Edelmetalle im Anstieg inmitten Risikoungewissheit

Trotz zunehmender Stärke des US Dollar, der Währung in der Edelmetalle bewertet werden, fand der Preis für Gold, Silber und Platin in der vergangenen Woche Unterstützung. Gold handelt bereits seit April mit leichter Aufwärtstendenz, allerdings scheinen Händler, aufgrund der um sich greifenden Risikovermeidung wegen der Spannungen in Griechenland und der tristen Arbeitsmarktlage in den USA, auf einen kräftigeren Aufschwung zu warten. So wie es aussieht, scheint dieser derzeit an Momentum zuzulegen.

EUR/USDGBP/USDUSD/JPYUSD/CHFAUD/USDEUR/GBP
Tagestendenznononodownnono
Wochentendenzupupdowndownupup
Resistance1.47001.644082.800.88451.10100.9150
1.45301.627082.20 0.87551.08900.9075
1.43701.614081.500.85501.07700.8950
Support1.41601.591080.450.83601.06600.8830
1.39701.575079.500.82751.05700.8720
1.39051.565076.111.03800.8630

Wirtschafts News

CAD - CAD verliert an Kraft während Aussichten auf eine US Konjunkturbelebung sich abschwächen

Der kanadische Dollar verzeichnete vergangene Woche einen Abschwung, als Händler die glanzlose Vorstellung der US Wirtschaft der vergangenen Wochen als ein Zeichen dafür betrachteten, dass die Konjunkturbelebung offenbar begrenzt ist. Die USD/CAD-Paarung stieg am Mittwoch von 0,9563, dem tiefsten Stand seit zwei Monaten, auf 0,9693, um sich dann bei 0,9625 zu konsolidieren.

Obwohl die Nachrichten aus Kanada vorrangig positiv waren, waren Devisenhändler die in den CAD, liebevoll als „Loonie“ bezeichnet, investierten geneigt sich von diesem trennen, da die US Wirtschaft schwächelt. Zu dieser Verlagerung trug auch der triste Arbeitsmarktbericht bei, der eine Flaute auf dem US Beschäftigungssektor erkennen lässt, was die wirtschaftlichen und finanziellen Aussichten für die USA und seine Nachbarn beeinträchtigen dürfte.
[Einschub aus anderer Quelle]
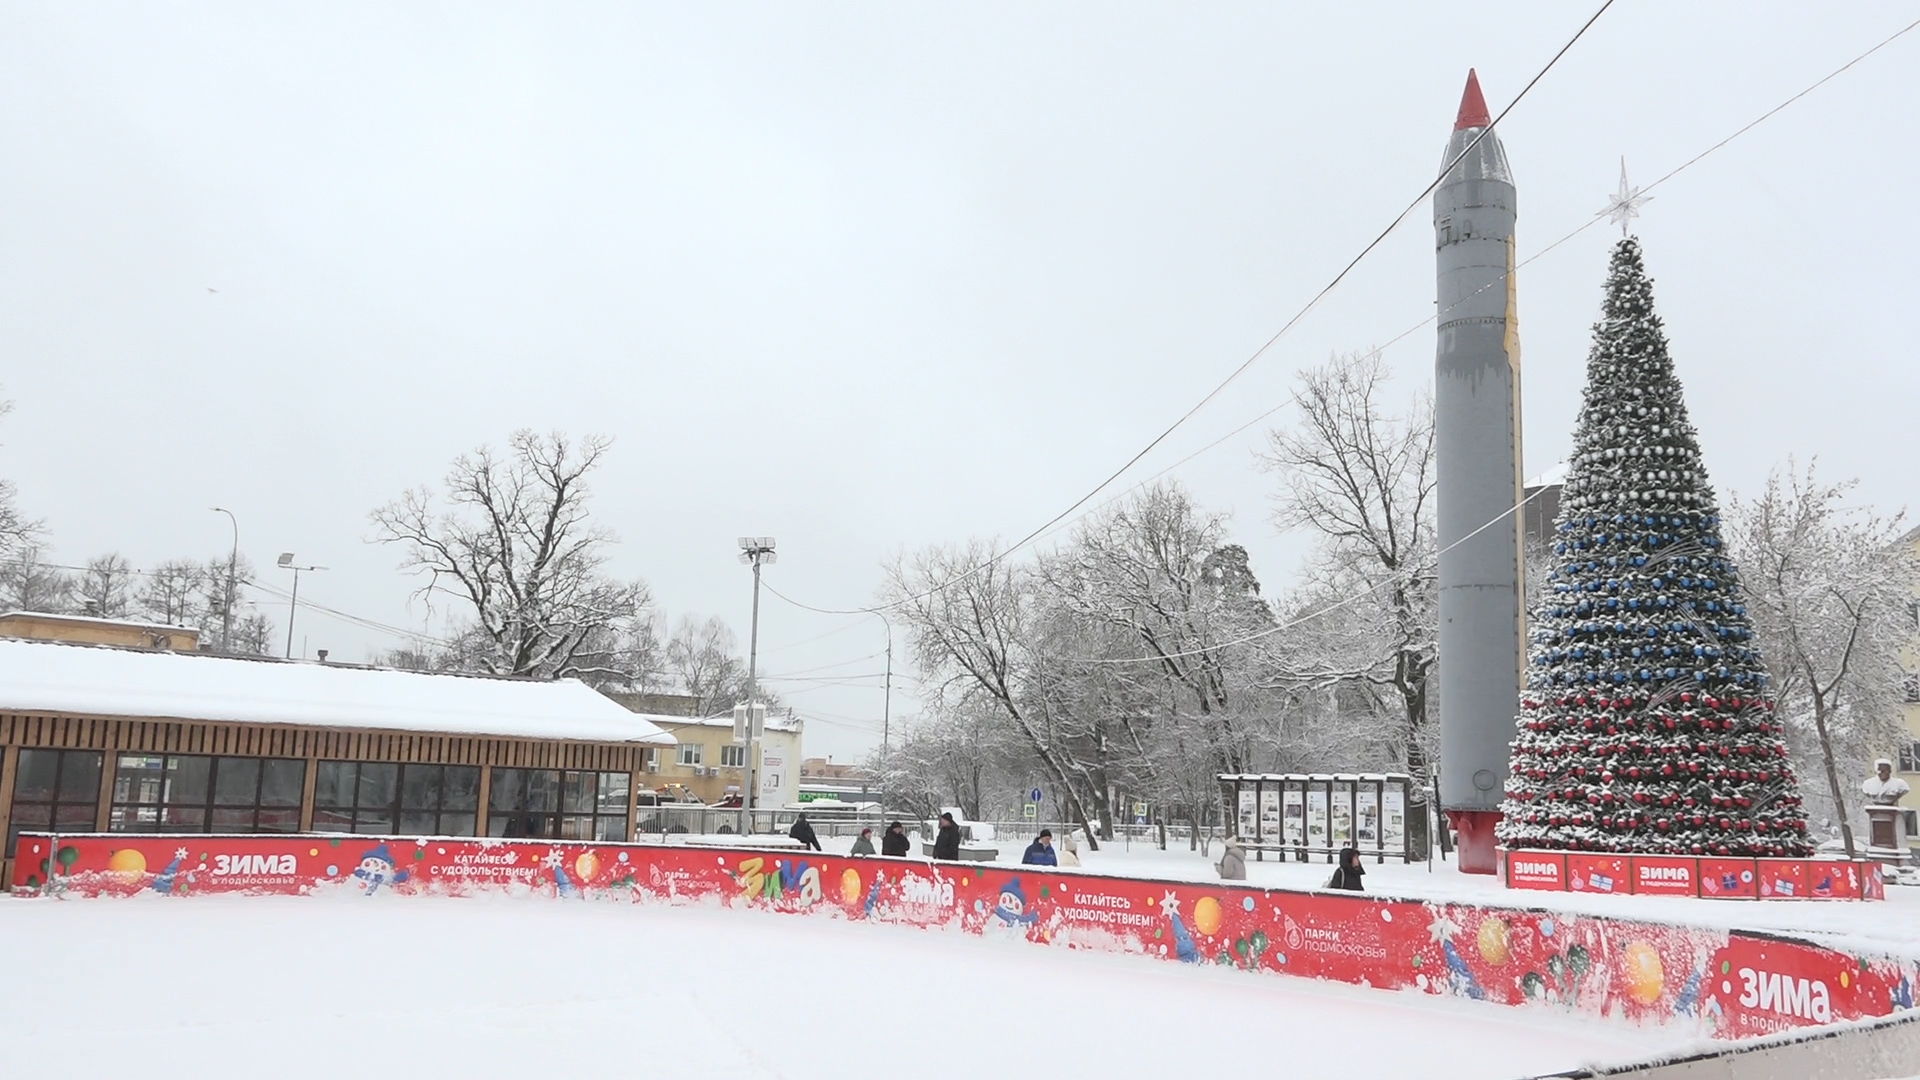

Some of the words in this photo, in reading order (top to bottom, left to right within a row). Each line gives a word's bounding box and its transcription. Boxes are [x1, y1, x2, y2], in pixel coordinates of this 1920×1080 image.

[441, 865, 538, 877] УДОВОЛЬСТВИЕМ!
[1514, 861, 1559, 876] ЗИМА
[1639, 866, 1690, 881] ЗИМА
[1074, 893, 1131, 909] КАТАЙТЕСЬ
[1063, 907, 1155, 927] УДОВОЛЬСТВИЕМ!
[1304, 928, 1341, 942] ПАРКИ
[1304, 940, 1387, 958] ПОДМОСКОВЬЯ
Heute werden die USA auf dem Wirtschaftskalender nicht vertreten sein, jedoch werden in Kanada zwei Berichte veröffentlicht, die den „Loonie“ erheblich beeinflussen dürften. Als erstes wird um 13:15 MGZ ein Immobilienbericht erwartet, von dem man annimmt, dass er eine Fortsetzung der positiven Tendenz der vergangenen Woche aufweisen wird.

Um 15:00 MGZ wird die Bank of Canada (BOC) seine Konjunkturaussichtsstudie veröffentlichen, die die oben genannten Punkte mehr verdeutlichen dürften. Der CAD mag sich zwar konsolidieren, doch sollte der BOC Bericht aus dem unabhängigen Wachstum der kanadischen Wirtschaft gegenüber der US amerikanischen Nutzen ziehen können, dürfte die kanadische Währung heute Kursgewinne verzeichnen.
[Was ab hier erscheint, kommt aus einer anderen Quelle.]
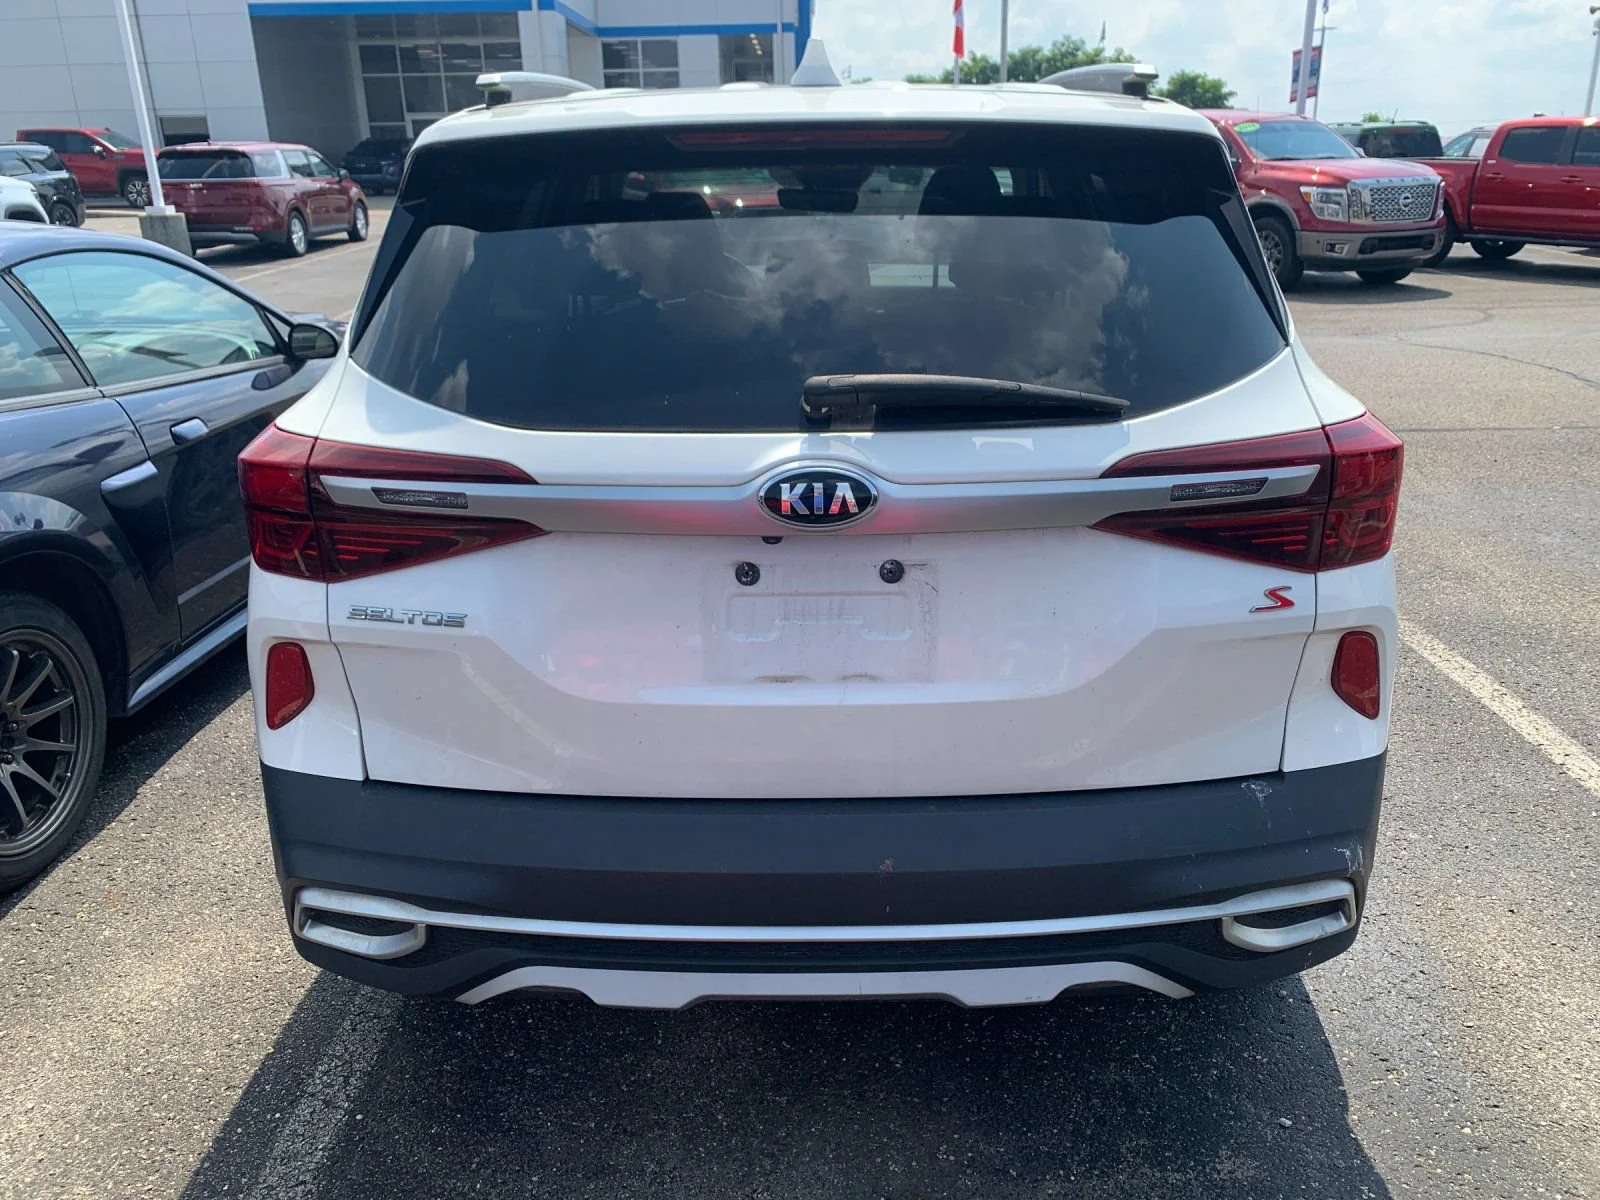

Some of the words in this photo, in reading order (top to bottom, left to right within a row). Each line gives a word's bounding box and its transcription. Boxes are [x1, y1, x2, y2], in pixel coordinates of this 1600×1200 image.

[779, 482, 859, 515] KIA
[1249, 585, 1295, 613] S
[346, 604, 468, 629] SELTOS
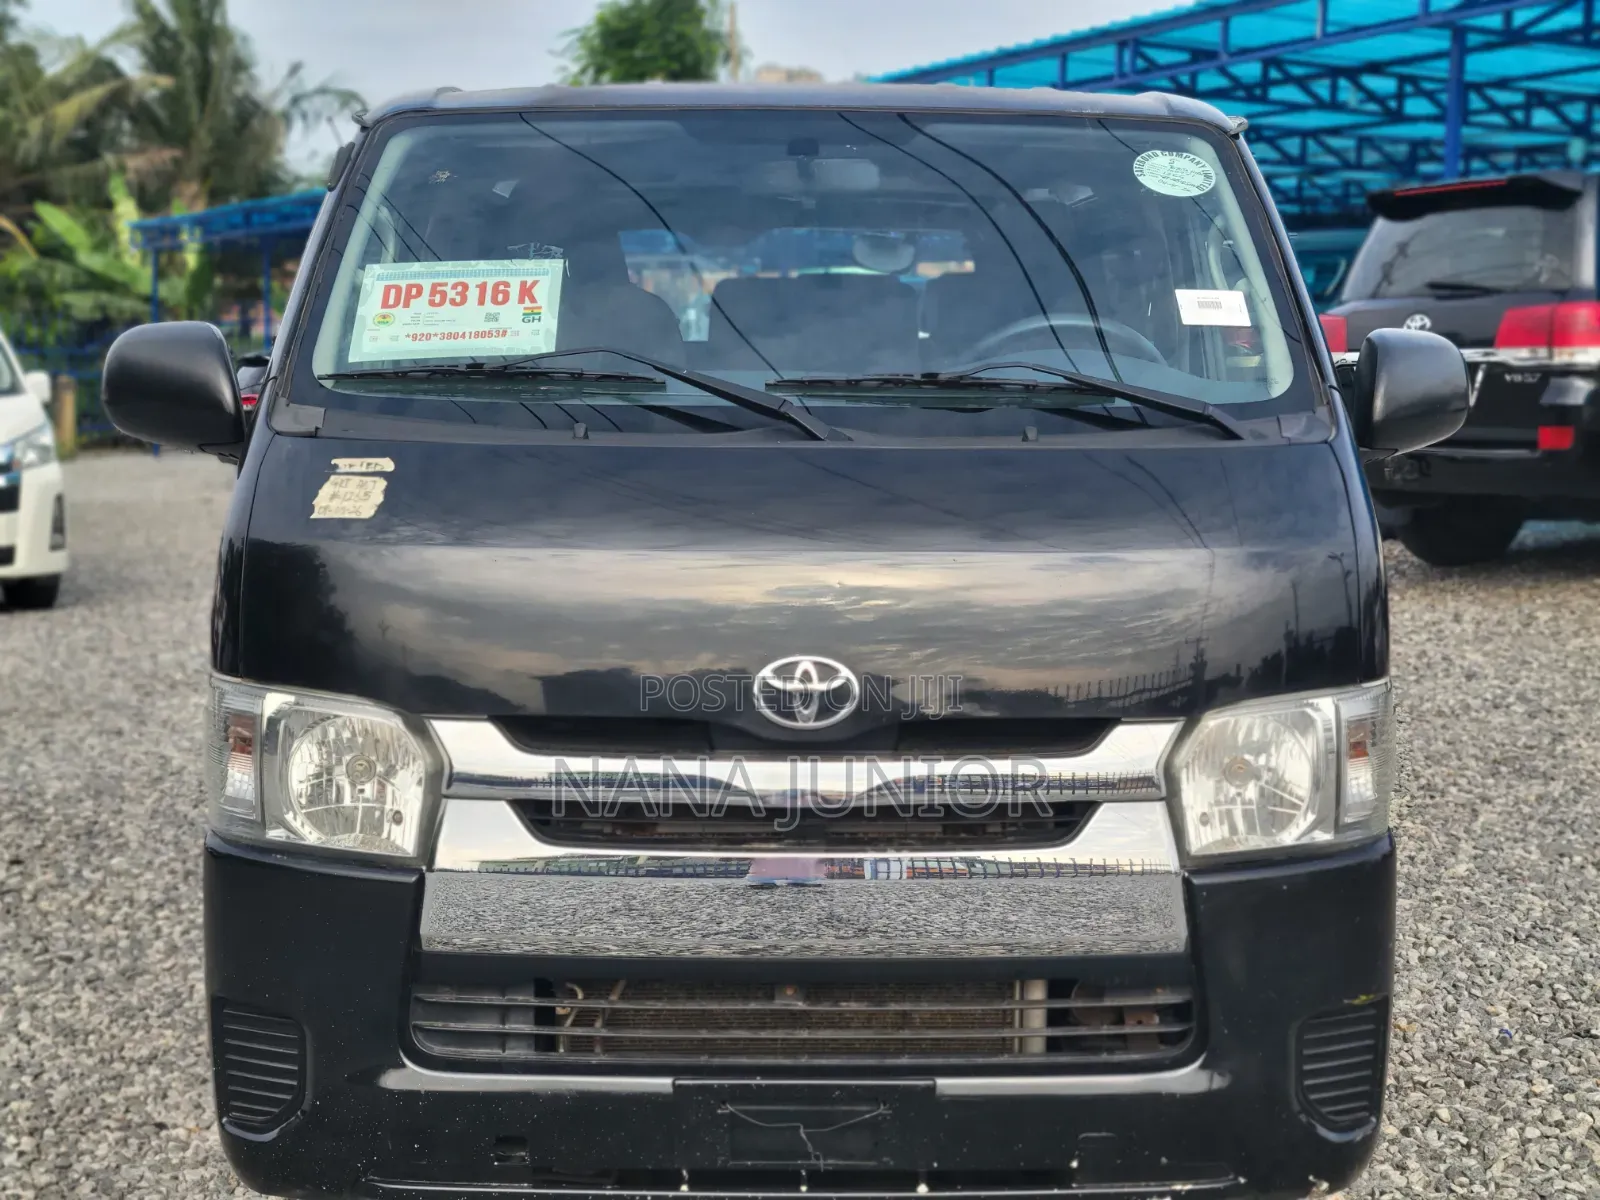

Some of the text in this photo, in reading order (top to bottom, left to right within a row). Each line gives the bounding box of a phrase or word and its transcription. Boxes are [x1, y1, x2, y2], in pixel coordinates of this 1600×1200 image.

EUR - Bekanntgabe der Daten der französischen Industrieproduktion steht bevor

Nach Bekanntgabe der pessimistischen Wachstumsdaten auf dem US Arbeitsmarktsektor am Freitag verzeichnete der Euro (EUR) einen Abschwung. Zum US Dollar (USD) handelte der Euro beim späten Handel leicht rückläufig, da Verlagerungen zugunsten Safe-Hafen-Anlagen Gelder vom Euro abzogen. Die EUR/GBP-Paarung verhielt sich um einiges geradliniger und verzeichnete am Donnerstag einen kräftigen Abschwung, dem am Freitag noch weitere Rückläufigkeit folgte. Zum Wochenschluss bewegte sich die Paarung von 0,9050 bis zu 0,8860.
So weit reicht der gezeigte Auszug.